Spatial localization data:

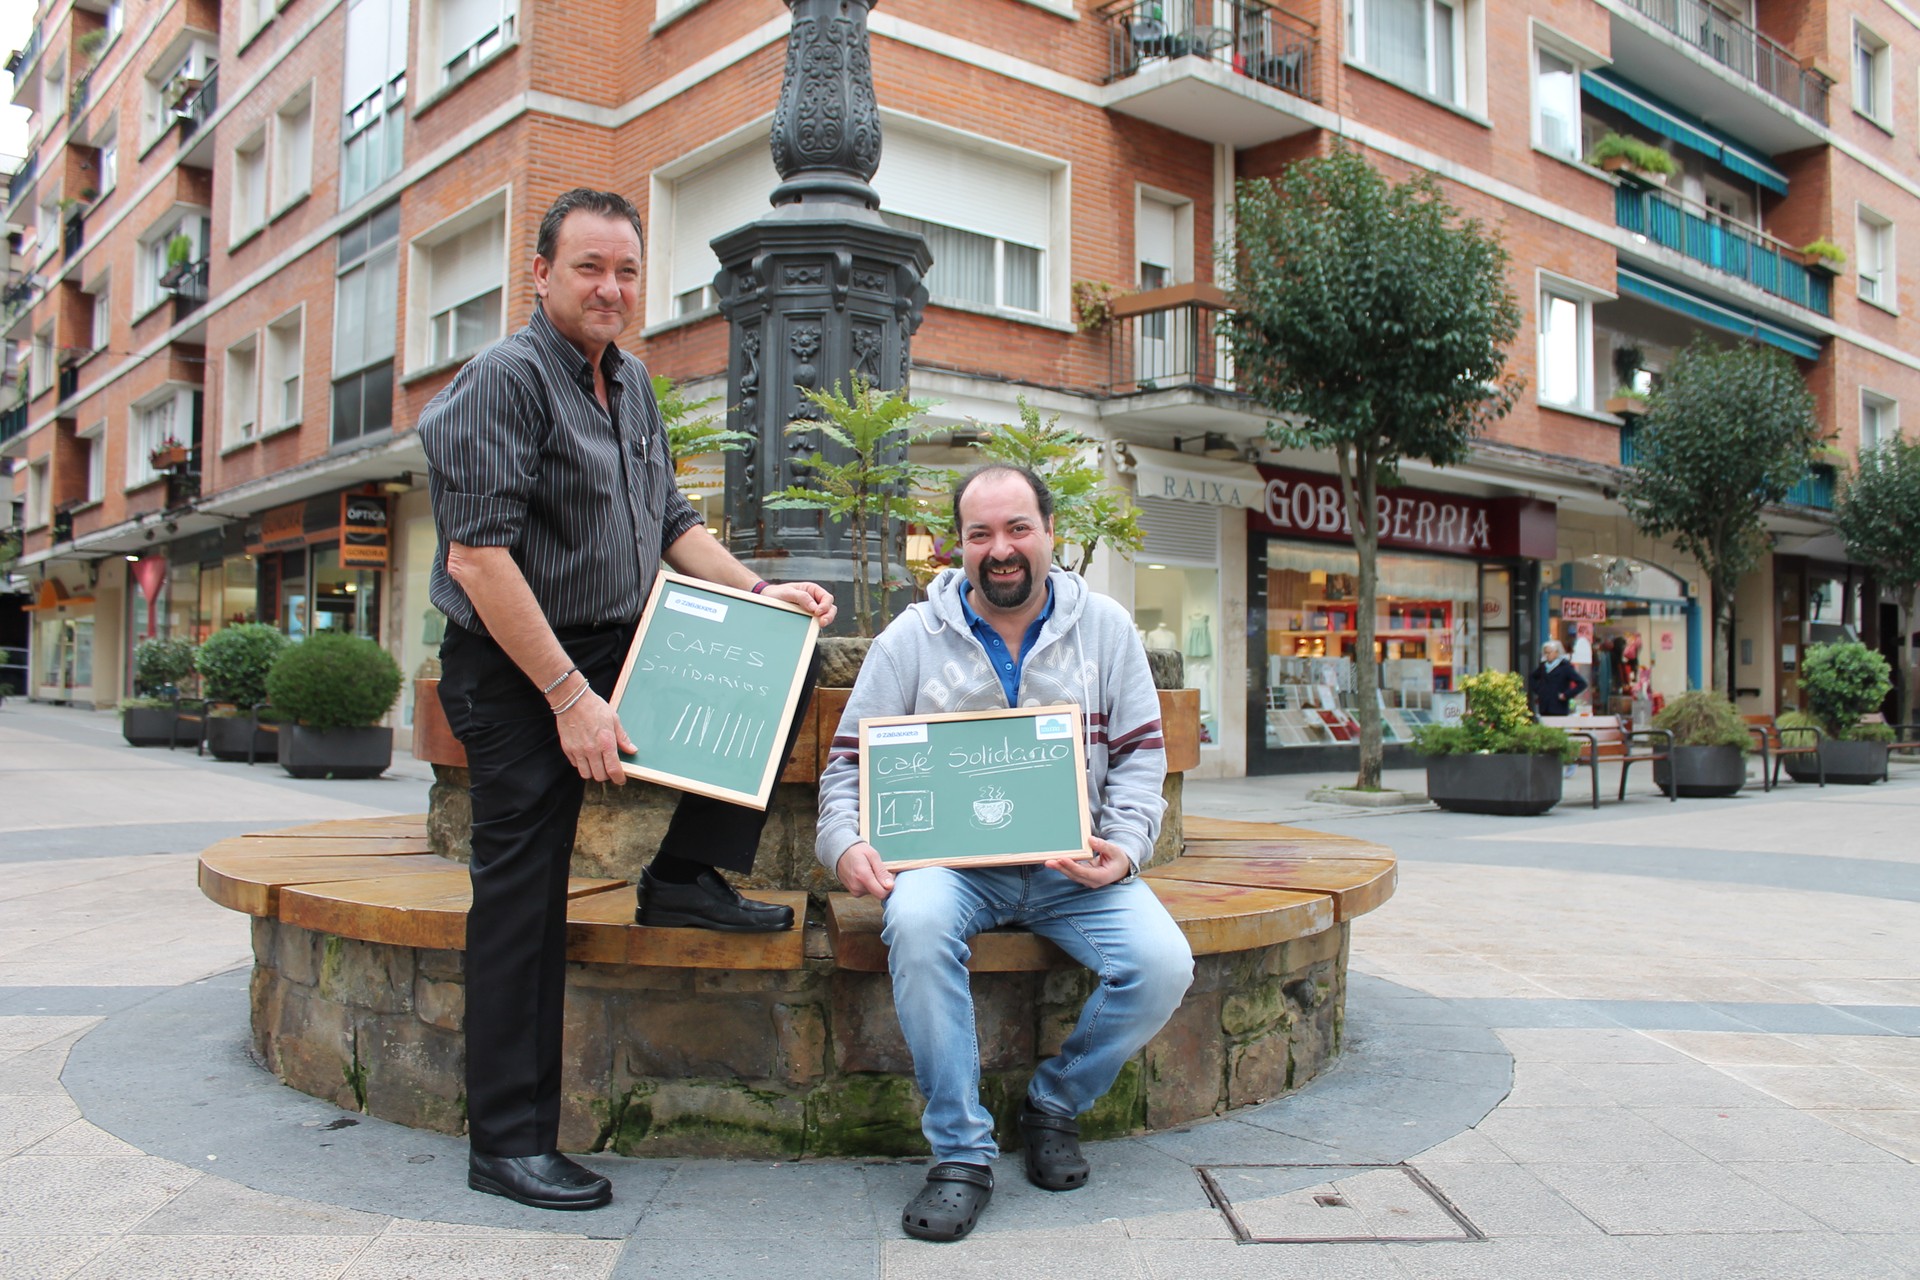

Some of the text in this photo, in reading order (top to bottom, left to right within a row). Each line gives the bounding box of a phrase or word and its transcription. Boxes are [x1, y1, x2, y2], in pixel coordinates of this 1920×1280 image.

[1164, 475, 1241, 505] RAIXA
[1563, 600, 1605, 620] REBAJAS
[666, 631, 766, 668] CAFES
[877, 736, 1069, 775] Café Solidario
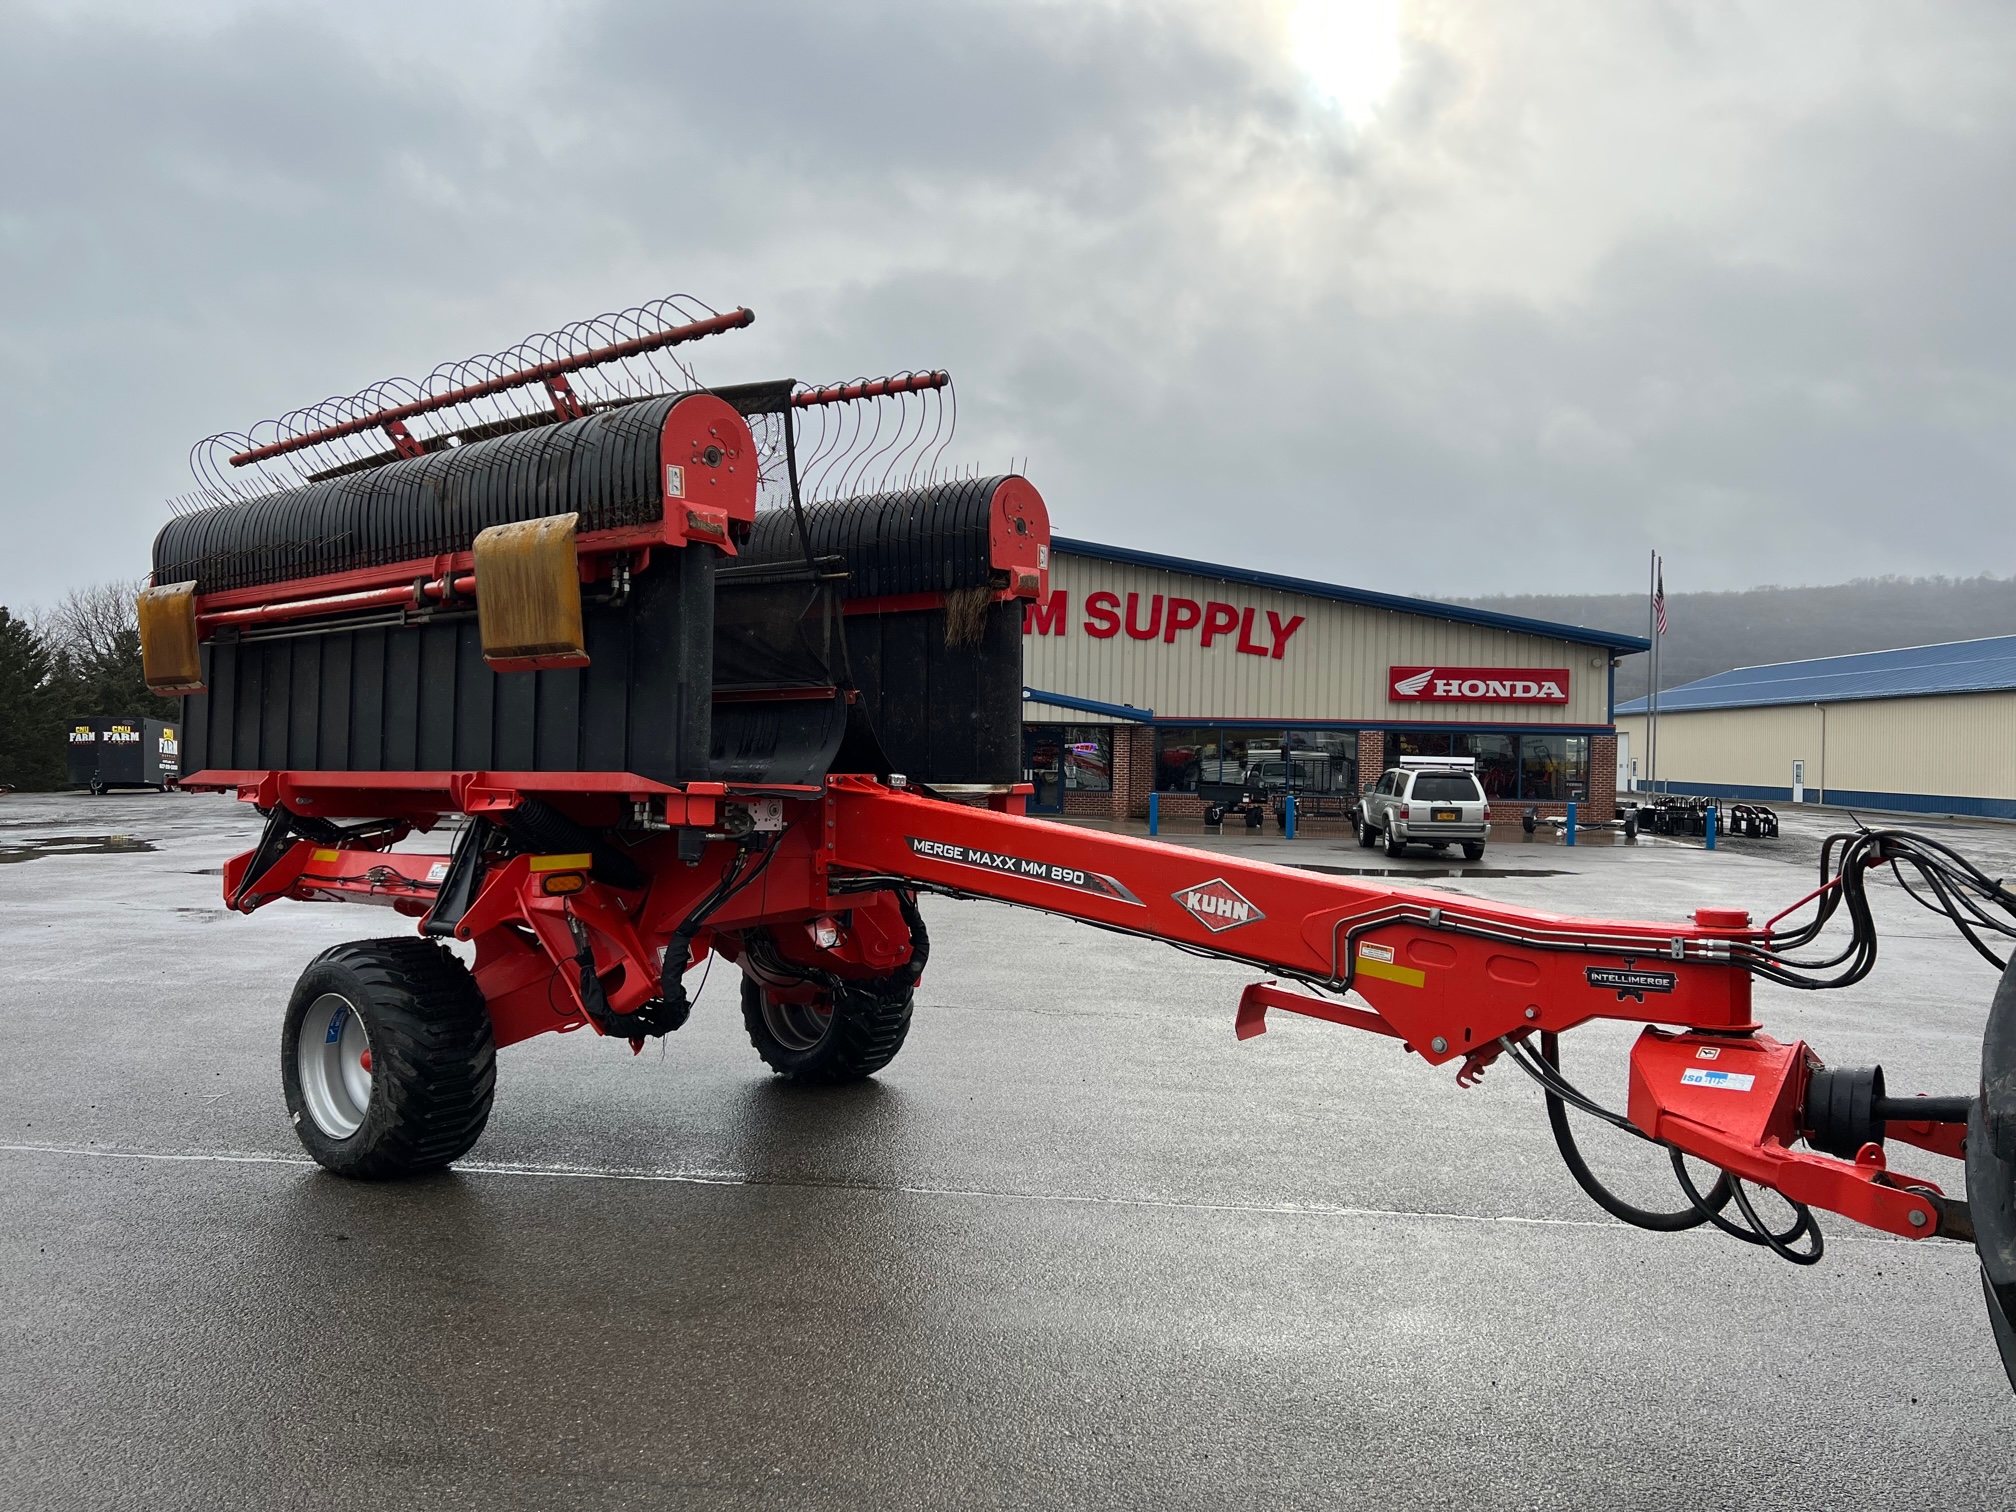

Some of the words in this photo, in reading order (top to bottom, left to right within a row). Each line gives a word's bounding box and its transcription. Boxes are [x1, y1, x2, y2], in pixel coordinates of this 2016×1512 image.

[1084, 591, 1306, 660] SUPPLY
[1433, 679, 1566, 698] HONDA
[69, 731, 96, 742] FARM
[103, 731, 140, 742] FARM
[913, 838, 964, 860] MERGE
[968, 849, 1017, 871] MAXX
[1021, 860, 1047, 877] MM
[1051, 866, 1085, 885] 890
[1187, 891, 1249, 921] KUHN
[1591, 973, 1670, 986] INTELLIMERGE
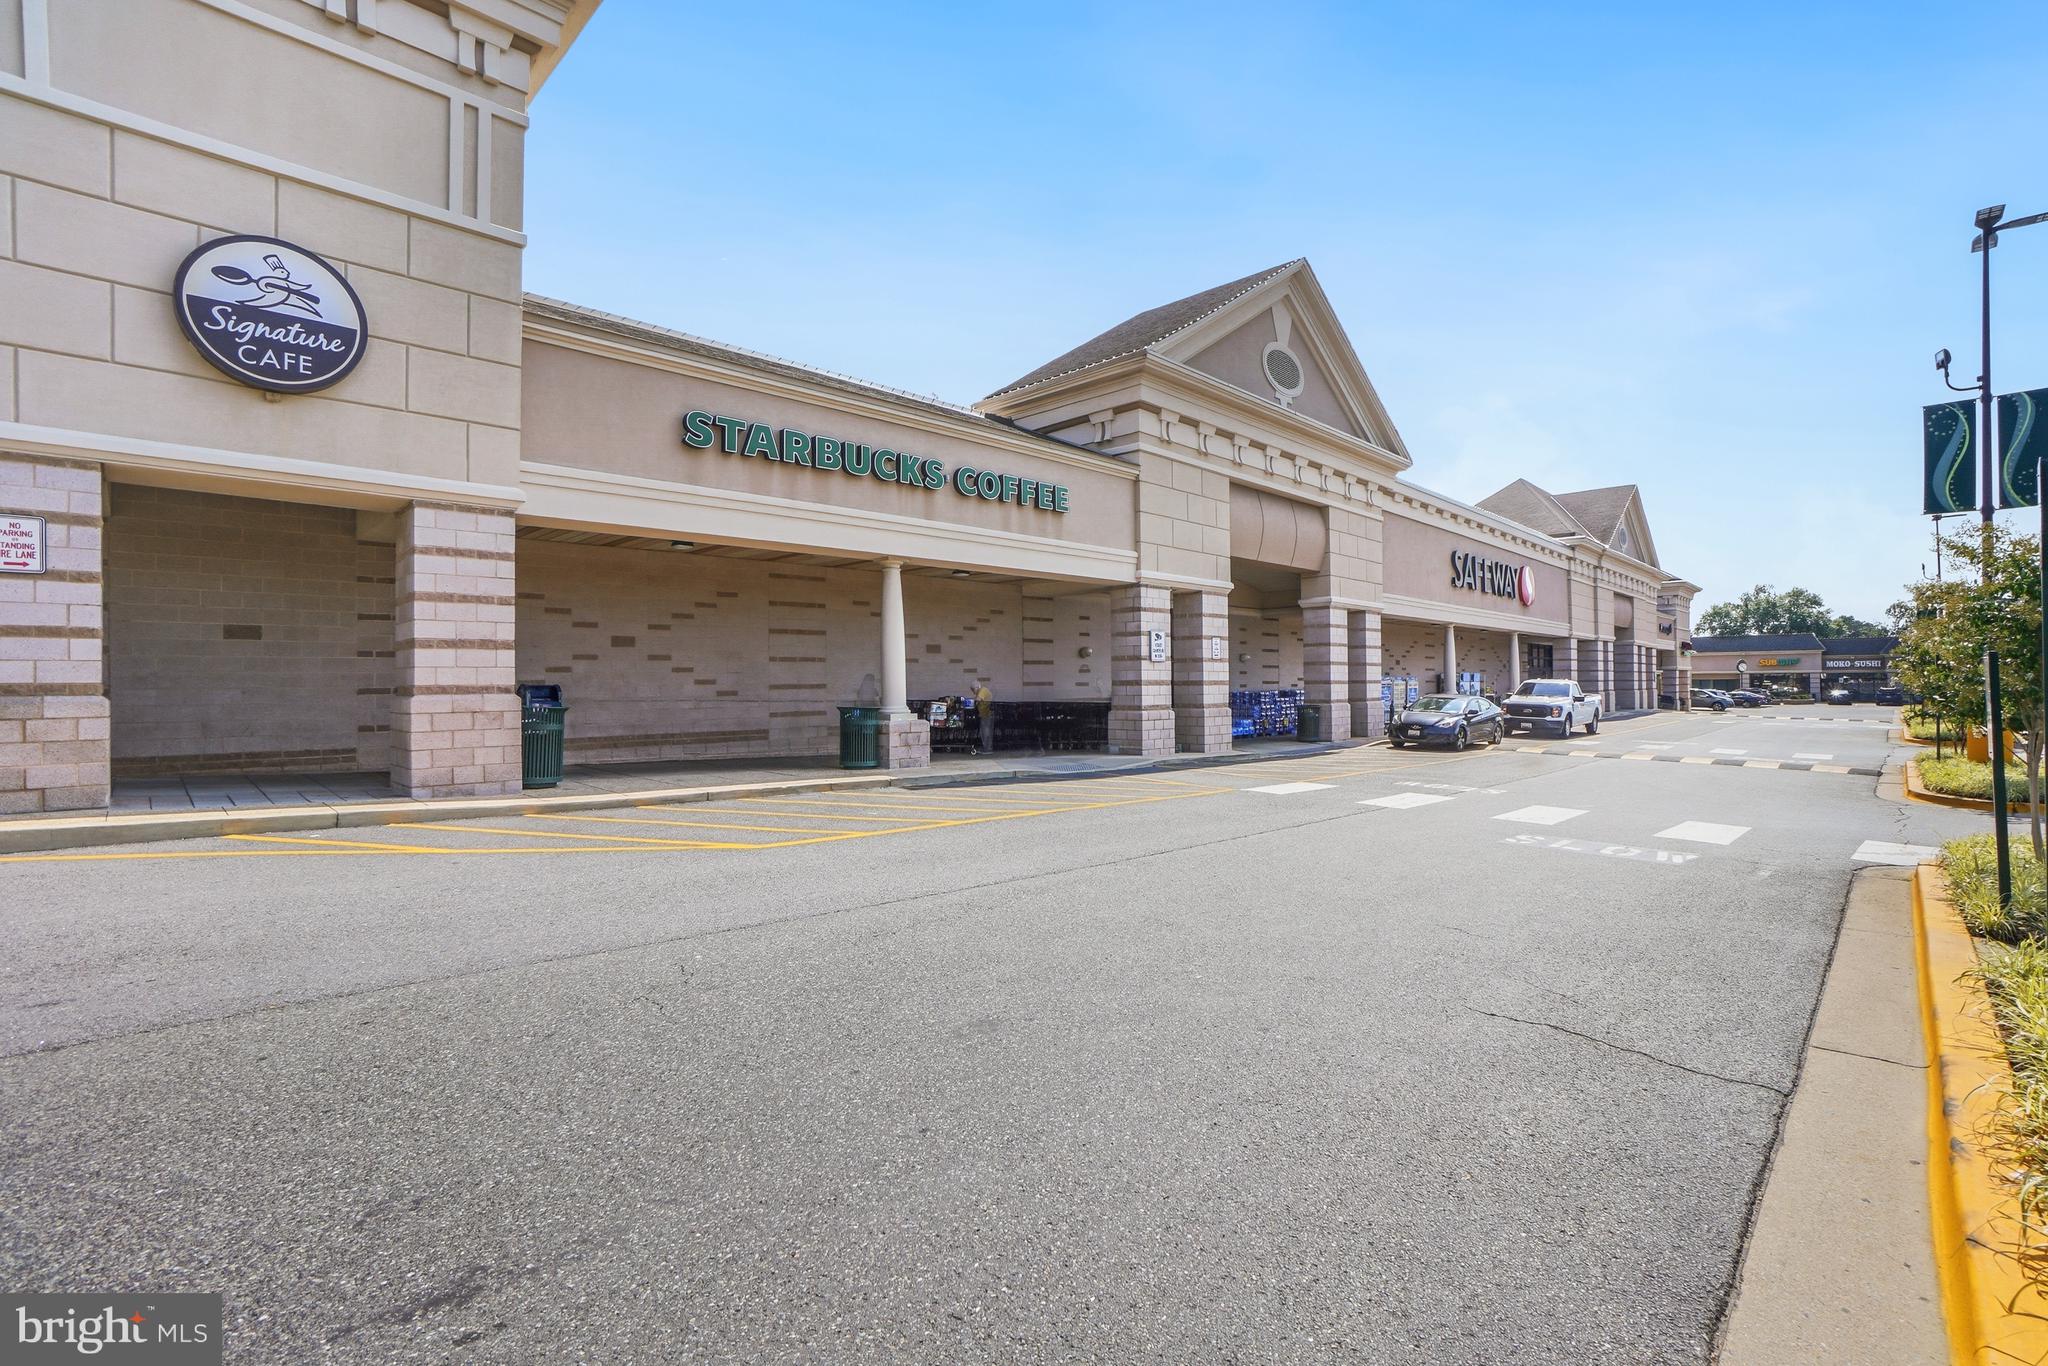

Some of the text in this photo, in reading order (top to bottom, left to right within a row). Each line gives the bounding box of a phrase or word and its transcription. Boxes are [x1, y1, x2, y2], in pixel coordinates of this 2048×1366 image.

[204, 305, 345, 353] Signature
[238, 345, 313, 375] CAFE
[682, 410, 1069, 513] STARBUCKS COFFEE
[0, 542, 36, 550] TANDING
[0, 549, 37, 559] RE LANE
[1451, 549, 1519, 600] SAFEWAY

TRY IT: The data above needs to be retyped exactly, with the images left out.

EXPECTED ANSWER:
Some of the text in this photo, in reading order (top to bottom, left to right within a row). Each line gives the bounding box of a phrase or word and its transcription. Boxes are [x1, y1, x2, y2], in pixel coordinates of this 1920×1280 image.

[1164, 475, 1241, 505] RAIXA
[1563, 600, 1605, 620] REBAJAS
[666, 631, 766, 668] CAFES
[877, 736, 1069, 775] Café Solidario

Some of the words in this photo, in reading order (top to bottom, left to right within a row). Each line gives a word's bounding box and its transcription. Boxes are [x1, y1, x2, y2], in pixel coordinates of this 2016×1512 image.

[1084, 591, 1306, 660] SUPPLY
[1433, 679, 1566, 698] HONDA
[69, 731, 96, 742] FARM
[103, 731, 140, 742] FARM
[913, 838, 964, 860] MERGE
[968, 849, 1017, 871] MAXX
[1021, 860, 1047, 877] MM
[1051, 866, 1085, 885] 890
[1187, 891, 1249, 921] KUHN
[1591, 973, 1670, 986] INTELLIMERGE

Some of the text in this photo, in reading order (top to bottom, left to right within a row). Each line gives the bounding box of a phrase or word and its transcription. Boxes are [x1, y1, x2, y2], in pixel coordinates of this 2048×1366 image.

[204, 305, 345, 353] Signature
[238, 345, 313, 375] CAFE
[682, 410, 1069, 513] STARBUCKS COFFEE
[0, 542, 36, 550] TANDING
[0, 549, 37, 559] RE LANE
[1451, 549, 1519, 600] SAFEWAY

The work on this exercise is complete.